### What needs to be done
With every picture left out, restate the listing below exactly as written.

### Exercise materials
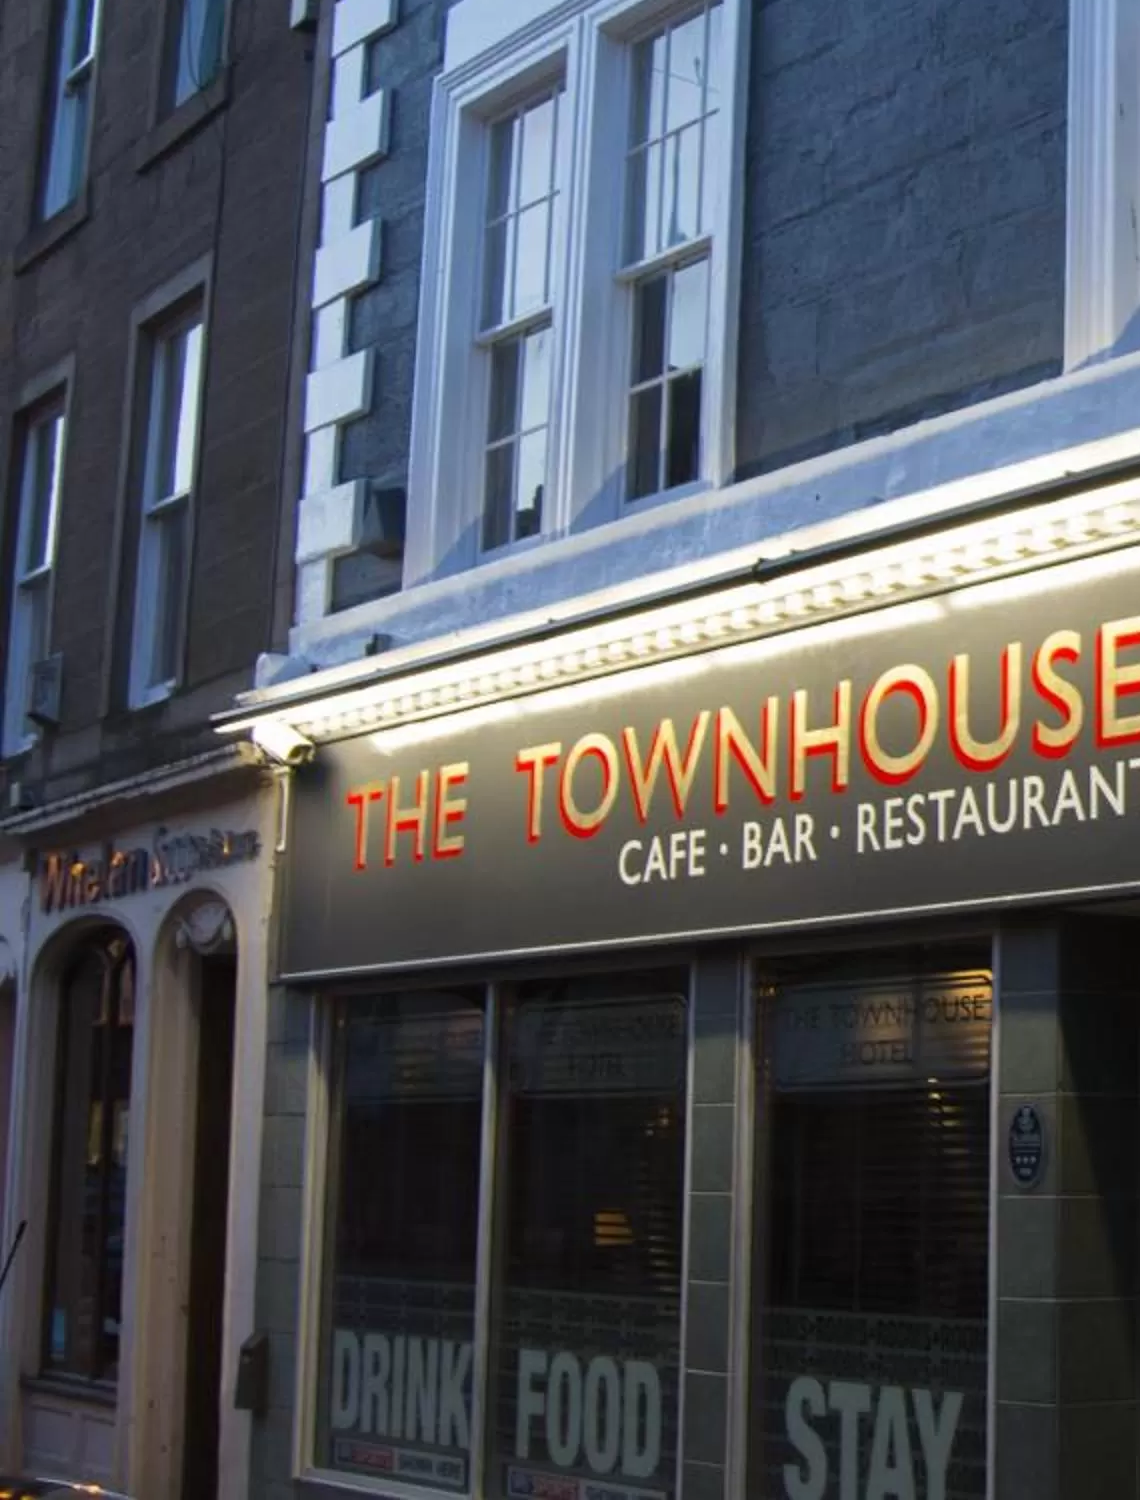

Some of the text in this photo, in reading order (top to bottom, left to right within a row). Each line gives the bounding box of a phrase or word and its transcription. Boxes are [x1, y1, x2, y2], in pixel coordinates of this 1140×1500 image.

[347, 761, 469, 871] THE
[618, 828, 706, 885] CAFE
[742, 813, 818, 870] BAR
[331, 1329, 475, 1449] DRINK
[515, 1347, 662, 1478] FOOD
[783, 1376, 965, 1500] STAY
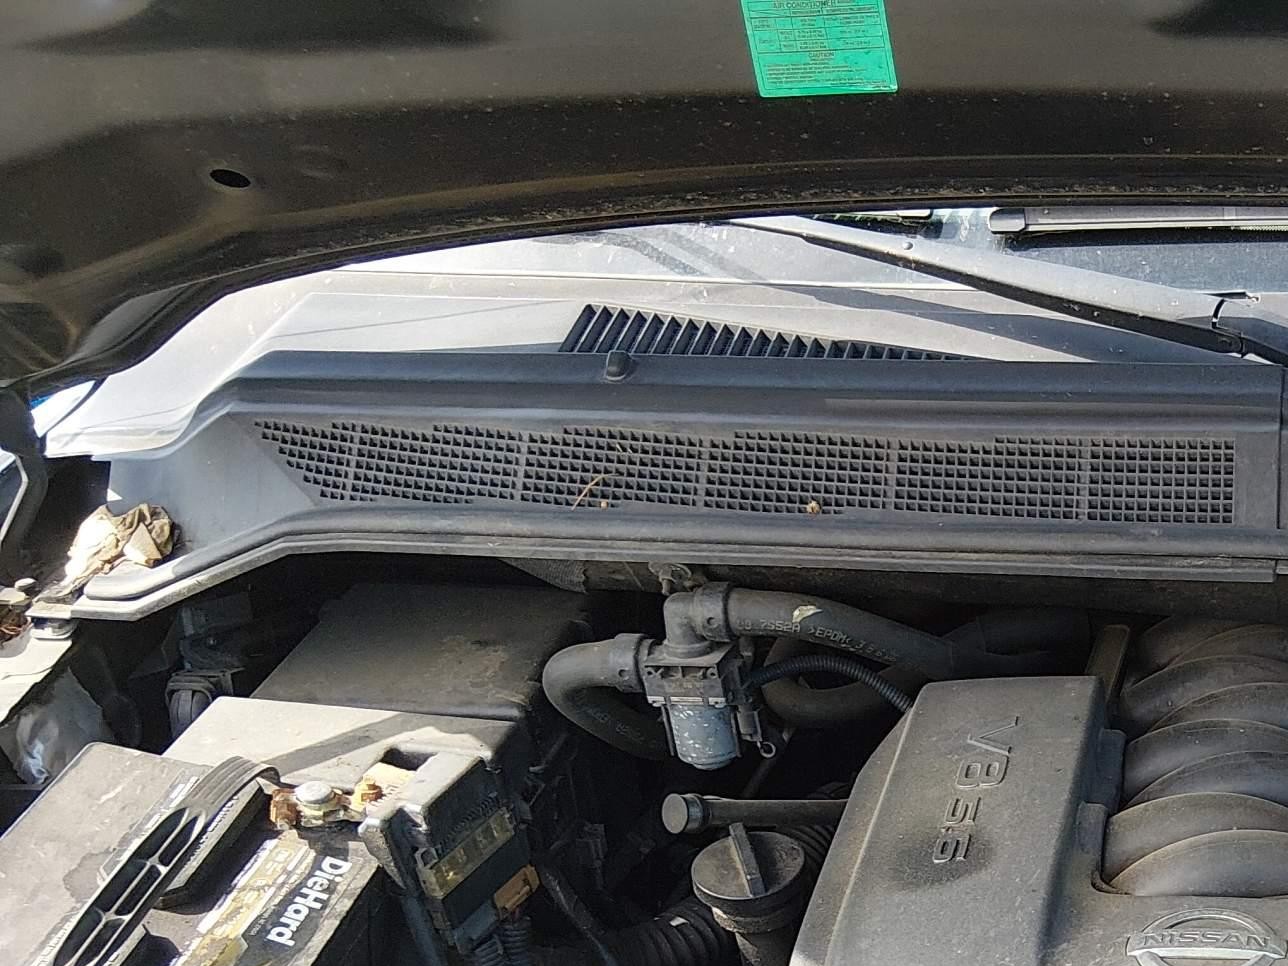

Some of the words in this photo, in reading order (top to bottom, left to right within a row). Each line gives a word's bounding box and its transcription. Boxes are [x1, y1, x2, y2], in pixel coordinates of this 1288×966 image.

### Finished exercise
Some of the text in this photo, in reading order (top to bottom, left to right within a row). Each line gives the bounding box of a phrase or word and its transcription. Boxes are [x1, y1, x2, y2], in pixel coordinates of this 1140×1500 image.

[347, 761, 469, 871] THE
[618, 828, 706, 885] CAFE
[742, 813, 818, 870] BAR
[331, 1329, 475, 1449] DRINK
[515, 1347, 662, 1478] FOOD
[783, 1376, 965, 1500] STAY

Some of the words in this photo, in reading order (top to bottom, left to right within a row). Each line gives a word's bounding box and its transcription. Boxes are [x1, y1, x2, y2], in pixel coordinates of this 1288×966 image.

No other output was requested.